Dataset records

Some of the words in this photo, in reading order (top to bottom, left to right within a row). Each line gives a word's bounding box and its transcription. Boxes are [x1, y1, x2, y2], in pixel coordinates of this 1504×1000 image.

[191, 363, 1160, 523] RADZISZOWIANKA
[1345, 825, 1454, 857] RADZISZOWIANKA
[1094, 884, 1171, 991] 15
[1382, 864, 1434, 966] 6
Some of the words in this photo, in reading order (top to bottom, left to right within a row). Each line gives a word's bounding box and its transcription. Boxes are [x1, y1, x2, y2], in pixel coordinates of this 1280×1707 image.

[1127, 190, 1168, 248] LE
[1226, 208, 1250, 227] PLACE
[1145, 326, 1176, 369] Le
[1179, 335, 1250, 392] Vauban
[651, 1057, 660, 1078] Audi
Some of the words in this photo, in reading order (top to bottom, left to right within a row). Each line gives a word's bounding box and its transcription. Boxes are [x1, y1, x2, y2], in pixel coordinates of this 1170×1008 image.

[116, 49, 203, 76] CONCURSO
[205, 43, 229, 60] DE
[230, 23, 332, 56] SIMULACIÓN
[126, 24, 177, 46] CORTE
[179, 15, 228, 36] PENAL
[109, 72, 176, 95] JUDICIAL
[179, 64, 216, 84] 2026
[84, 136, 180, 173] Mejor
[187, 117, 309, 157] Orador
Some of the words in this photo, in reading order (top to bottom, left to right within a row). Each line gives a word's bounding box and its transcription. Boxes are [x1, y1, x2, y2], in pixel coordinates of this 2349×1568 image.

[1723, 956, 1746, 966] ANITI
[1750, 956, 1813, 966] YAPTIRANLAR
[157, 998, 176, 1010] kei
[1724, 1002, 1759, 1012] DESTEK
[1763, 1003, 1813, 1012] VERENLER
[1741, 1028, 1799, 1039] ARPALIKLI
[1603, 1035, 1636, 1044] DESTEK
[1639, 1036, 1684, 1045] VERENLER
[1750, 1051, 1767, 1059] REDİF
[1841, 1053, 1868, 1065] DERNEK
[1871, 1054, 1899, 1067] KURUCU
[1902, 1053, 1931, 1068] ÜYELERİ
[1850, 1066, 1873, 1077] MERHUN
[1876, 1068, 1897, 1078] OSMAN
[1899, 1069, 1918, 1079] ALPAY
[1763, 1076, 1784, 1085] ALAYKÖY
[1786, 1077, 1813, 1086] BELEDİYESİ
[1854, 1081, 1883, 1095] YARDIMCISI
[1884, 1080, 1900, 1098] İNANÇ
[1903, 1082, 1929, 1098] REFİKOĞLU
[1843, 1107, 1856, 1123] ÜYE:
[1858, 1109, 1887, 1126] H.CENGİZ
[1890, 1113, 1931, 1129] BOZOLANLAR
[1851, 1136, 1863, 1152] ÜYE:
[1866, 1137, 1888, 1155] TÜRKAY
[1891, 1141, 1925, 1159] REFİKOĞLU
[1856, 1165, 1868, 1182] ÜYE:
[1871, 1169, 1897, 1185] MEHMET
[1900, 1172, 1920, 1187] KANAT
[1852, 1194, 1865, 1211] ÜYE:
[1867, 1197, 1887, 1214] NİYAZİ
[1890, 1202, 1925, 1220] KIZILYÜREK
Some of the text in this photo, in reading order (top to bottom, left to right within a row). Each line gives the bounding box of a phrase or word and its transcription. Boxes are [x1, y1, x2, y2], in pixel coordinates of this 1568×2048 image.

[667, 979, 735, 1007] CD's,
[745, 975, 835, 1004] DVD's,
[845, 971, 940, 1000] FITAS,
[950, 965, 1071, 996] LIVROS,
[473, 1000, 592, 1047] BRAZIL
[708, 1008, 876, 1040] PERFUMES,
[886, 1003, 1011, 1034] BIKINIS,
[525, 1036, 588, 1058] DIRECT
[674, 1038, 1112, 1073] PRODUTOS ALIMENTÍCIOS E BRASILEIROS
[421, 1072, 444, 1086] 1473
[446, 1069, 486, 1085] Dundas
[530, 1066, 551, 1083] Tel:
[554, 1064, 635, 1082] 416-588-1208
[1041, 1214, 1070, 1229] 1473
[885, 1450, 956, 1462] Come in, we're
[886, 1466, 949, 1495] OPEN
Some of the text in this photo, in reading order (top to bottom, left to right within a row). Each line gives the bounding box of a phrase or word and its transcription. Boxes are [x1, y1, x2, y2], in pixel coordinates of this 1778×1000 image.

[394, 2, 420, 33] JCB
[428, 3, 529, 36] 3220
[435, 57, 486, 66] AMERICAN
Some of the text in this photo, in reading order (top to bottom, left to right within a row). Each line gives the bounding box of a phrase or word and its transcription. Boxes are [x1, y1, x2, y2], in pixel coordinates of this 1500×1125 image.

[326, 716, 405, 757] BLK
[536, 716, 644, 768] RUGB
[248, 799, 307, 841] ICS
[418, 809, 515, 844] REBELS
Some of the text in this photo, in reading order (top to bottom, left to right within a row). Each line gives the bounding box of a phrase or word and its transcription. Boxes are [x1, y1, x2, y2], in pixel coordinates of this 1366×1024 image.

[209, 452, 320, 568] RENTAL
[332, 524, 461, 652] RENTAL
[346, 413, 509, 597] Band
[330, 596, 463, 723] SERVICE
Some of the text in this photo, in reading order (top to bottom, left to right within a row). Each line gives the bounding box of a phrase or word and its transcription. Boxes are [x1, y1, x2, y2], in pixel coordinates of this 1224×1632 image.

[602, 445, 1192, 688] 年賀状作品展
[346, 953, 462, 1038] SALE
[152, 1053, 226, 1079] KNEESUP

**Task to carry out:**
Each line of the data is to be retyped exactly.

**Solved problem:**
Some of the words in this photo, in reading order (top to bottom, left to right within a row). Each line gives a word's bounding box and its transcription. Boxes are [x1, y1, x2, y2], in pixel coordinates of this 1504×1000 image.

[191, 363, 1160, 523] RADZISZOWIANKA
[1345, 825, 1454, 857] RADZISZOWIANKA
[1094, 884, 1171, 991] 15
[1382, 864, 1434, 966] 6
Some of the words in this photo, in reading order (top to bottom, left to right within a row). Each line gives a word's bounding box and its transcription. Boxes are [x1, y1, x2, y2], in pixel coordinates of this 1280×1707 image.

[1127, 190, 1168, 248] LE
[1226, 208, 1250, 227] PLACE
[1145, 326, 1176, 369] Le
[1179, 335, 1250, 392] Vauban
[651, 1057, 660, 1078] Audi
Some of the words in this photo, in reading order (top to bottom, left to right within a row). Each line gives a word's bounding box and its transcription. Boxes are [x1, y1, x2, y2], in pixel coordinates of this 1170×1008 image.

[116, 49, 203, 76] CONCURSO
[205, 43, 229, 60] DE
[230, 23, 332, 56] SIMULACIÓN
[126, 24, 177, 46] CORTE
[179, 15, 228, 36] PENAL
[109, 72, 176, 95] JUDICIAL
[179, 64, 216, 84] 2026
[84, 136, 180, 173] Mejor
[187, 117, 309, 157] Orador
Some of the words in this photo, in reading order (top to bottom, left to right within a row). Each line gives a word's bounding box and its transcription. Boxes are [x1, y1, x2, y2], in pixel coordinates of this 2349×1568 image.

[1723, 956, 1746, 966] ANITI
[1750, 956, 1813, 966] YAPTIRANLAR
[157, 998, 176, 1010] kei
[1724, 1002, 1759, 1012] DESTEK
[1763, 1003, 1813, 1012] VERENLER
[1741, 1028, 1799, 1039] ARPALIKLI
[1603, 1035, 1636, 1044] DESTEK
[1639, 1036, 1684, 1045] VERENLER
[1750, 1051, 1767, 1059] REDİF
[1841, 1053, 1868, 1065] DERNEK
[1871, 1054, 1899, 1067] KURUCU
[1902, 1053, 1931, 1068] ÜYELERİ
[1850, 1066, 1873, 1077] MERHUN
[1876, 1068, 1897, 1078] OSMAN
[1899, 1069, 1918, 1079] ALPAY
[1763, 1076, 1784, 1085] ALAYKÖY
[1786, 1077, 1813, 1086] BELEDİYESİ
[1854, 1081, 1883, 1095] YARDIMCISI
[1884, 1080, 1900, 1098] İNANÇ
[1903, 1082, 1929, 1098] REFİKOĞLU
[1843, 1107, 1856, 1123] ÜYE:
[1858, 1109, 1887, 1126] H.CENGİZ
[1890, 1113, 1931, 1129] BOZOLANLAR
[1851, 1136, 1863, 1152] ÜYE:
[1866, 1137, 1888, 1155] TÜRKAY
[1891, 1141, 1925, 1159] REFİKOĞLU
[1856, 1165, 1868, 1182] ÜYE:
[1871, 1169, 1897, 1185] MEHMET
[1900, 1172, 1920, 1187] KANAT
[1852, 1194, 1865, 1211] ÜYE:
[1867, 1197, 1887, 1214] NİYAZİ
[1890, 1202, 1925, 1220] KIZILYÜREK
Some of the text in this photo, in reading order (top to bottom, left to right within a row). Each line gives the bounding box of a phrase or word and its transcription. Boxes are [x1, y1, x2, y2], in pixel coordinates of this 1568×2048 image.

[667, 979, 735, 1007] CD's,
[745, 975, 835, 1004] DVD's,
[845, 971, 940, 1000] FITAS,
[950, 965, 1071, 996] LIVROS,
[473, 1000, 592, 1047] BRAZIL
[708, 1008, 876, 1040] PERFUMES,
[886, 1003, 1011, 1034] BIKINIS,
[525, 1036, 588, 1058] DIRECT
[674, 1038, 1112, 1073] PRODUTOS ALIMENTÍCIOS E BRASILEIROS
[421, 1072, 444, 1086] 1473
[446, 1069, 486, 1085] Dundas
[530, 1066, 551, 1083] Tel:
[554, 1064, 635, 1082] 416-588-1208
[1041, 1214, 1070, 1229] 1473
[885, 1450, 956, 1462] Come in, we're
[886, 1466, 949, 1495] OPEN
Some of the text in this photo, in reading order (top to bottom, left to right within a row). Each line gives the bounding box of a phrase or word and its transcription. Boxes are [x1, y1, x2, y2], in pixel coordinates of this 1778×1000 image.

[394, 2, 420, 33] JCB
[428, 3, 529, 36] 3220
[435, 57, 486, 66] AMERICAN
Some of the text in this photo, in reading order (top to bottom, left to right within a row). Each line gives the bounding box of a phrase or word and its transcription. Boxes are [x1, y1, x2, y2], in pixel coordinates of this 1500×1125 image.

[326, 716, 405, 757] BLK
[536, 716, 644, 768] RUGB
[248, 799, 307, 841] ICS
[418, 809, 515, 844] REBELS
Some of the text in this photo, in reading order (top to bottom, left to right within a row). Each line gives the bounding box of a phrase or word and its transcription. Boxes are [x1, y1, x2, y2], in pixel coordinates of this 1366×1024 image.

[209, 452, 320, 568] RENTAL
[332, 524, 461, 652] RENTAL
[346, 413, 509, 597] Band
[330, 596, 463, 723] SERVICE
Some of the text in this photo, in reading order (top to bottom, left to right within a row). Each line gives the bounding box of a phrase or word and its transcription. Boxes are [x1, y1, x2, y2], in pixel coordinates of this 1224×1632 image.

[602, 445, 1192, 688] 年賀状作品展
[346, 953, 462, 1038] SALE
[152, 1053, 226, 1079] KNEESUP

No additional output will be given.